Task goal: Repeat each entry exactly and drop the pictures.

Input data:
____________________
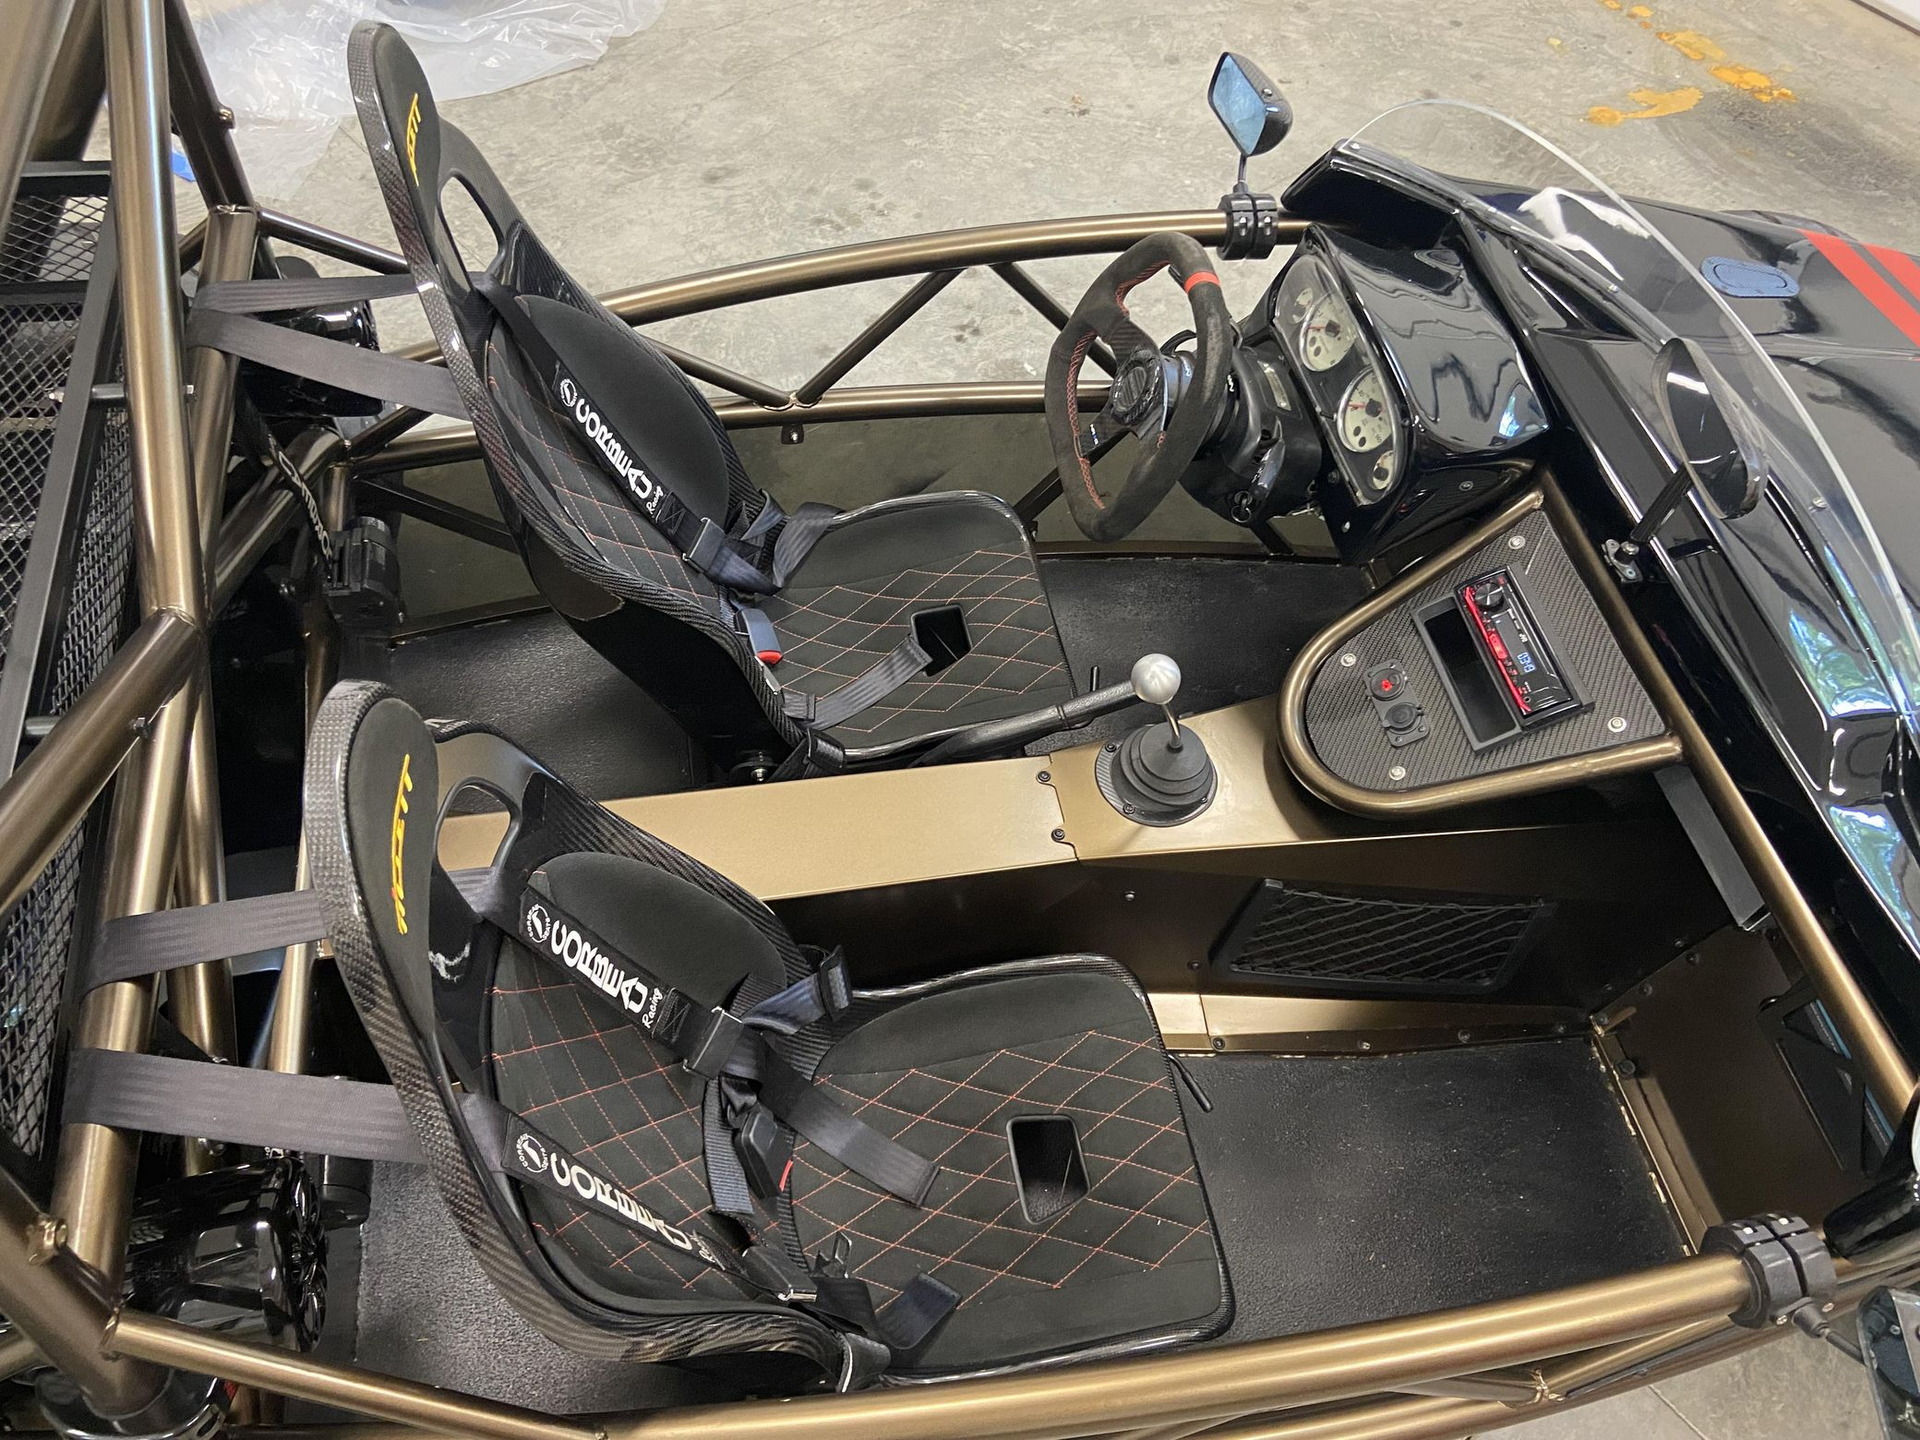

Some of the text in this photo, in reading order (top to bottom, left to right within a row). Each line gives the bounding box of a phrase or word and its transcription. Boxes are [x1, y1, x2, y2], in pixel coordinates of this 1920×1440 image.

[576, 398, 652, 499] CORBEAU
[646, 486, 664, 514] Racing
[551, 920, 648, 1013] CORBEAU
[642, 987, 663, 1028] Racing
[551, 1152, 692, 1250] CORBEAU
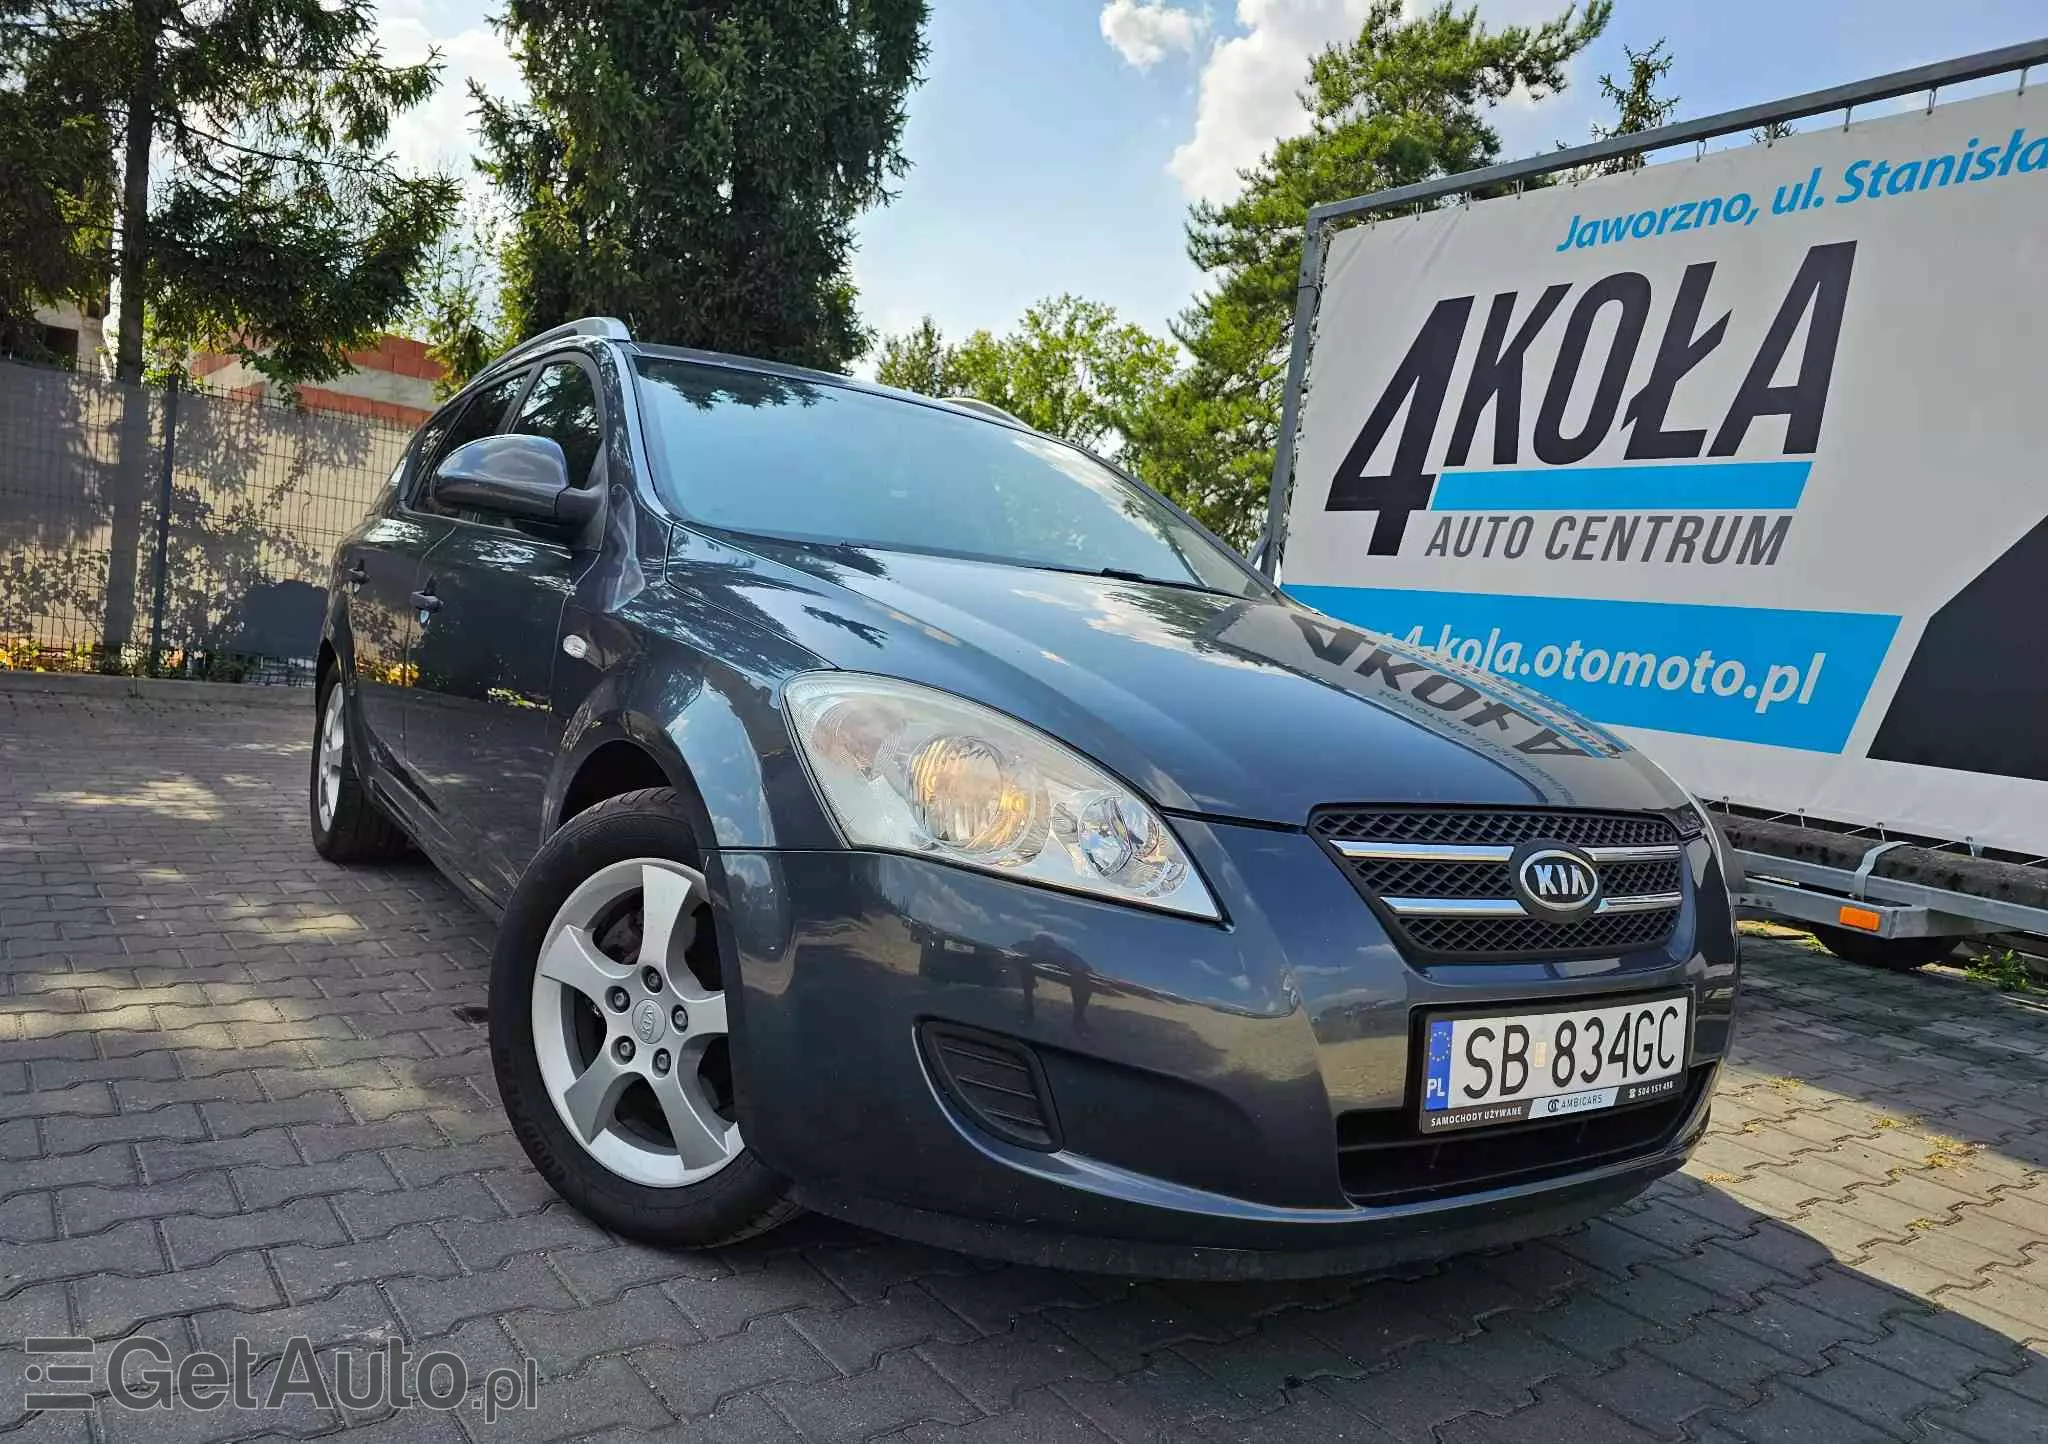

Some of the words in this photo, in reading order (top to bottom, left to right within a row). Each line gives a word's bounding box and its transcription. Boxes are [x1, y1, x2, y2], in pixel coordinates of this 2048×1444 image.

[1556, 192, 1760, 253] Jaworzno,
[1771, 167, 1824, 216] ul.
[1324, 240, 1858, 557] 4KOŁA
[1425, 514, 1531, 559] AUTO
[1544, 514, 1793, 567] CENTRUM
[1394, 621, 1827, 714] 4-kola.otomoto.pl
[1533, 864, 1589, 895] KIA
[1463, 1024, 1530, 1100] SB
[1551, 1006, 1679, 1088] 834GC
[1426, 1077, 1445, 1099] PL
[1431, 1111, 1483, 1128] SAMOCHODY
____________________
Response below:
Some of the text in this photo, in reading order (top to bottom, left to right within a row). Each line gives the bounding box of a phrase or word and its transcription. Boxes are [x1, y1, x2, y2], in pixel coordinates of this 1920×1440 image.

[576, 398, 652, 499] CORBEAU
[646, 486, 664, 514] Racing
[551, 920, 648, 1013] CORBEAU
[642, 987, 663, 1028] Racing
[551, 1152, 692, 1250] CORBEAU

Some of the words in this photo, in reading order (top to bottom, left to right within a row). Each line gives a word's bounding box and its transcription. Boxes are [x1, y1, x2, y2], in pixel coordinates of this 2048×1444 image.

[1556, 192, 1760, 253] Jaworzno,
[1771, 167, 1824, 216] ul.
[1324, 240, 1858, 557] 4KOŁA
[1425, 514, 1531, 559] AUTO
[1544, 514, 1793, 567] CENTRUM
[1394, 621, 1827, 714] 4-kola.otomoto.pl
[1533, 864, 1589, 895] KIA
[1463, 1024, 1530, 1100] SB
[1551, 1006, 1679, 1088] 834GC
[1426, 1077, 1445, 1099] PL
[1431, 1111, 1483, 1128] SAMOCHODY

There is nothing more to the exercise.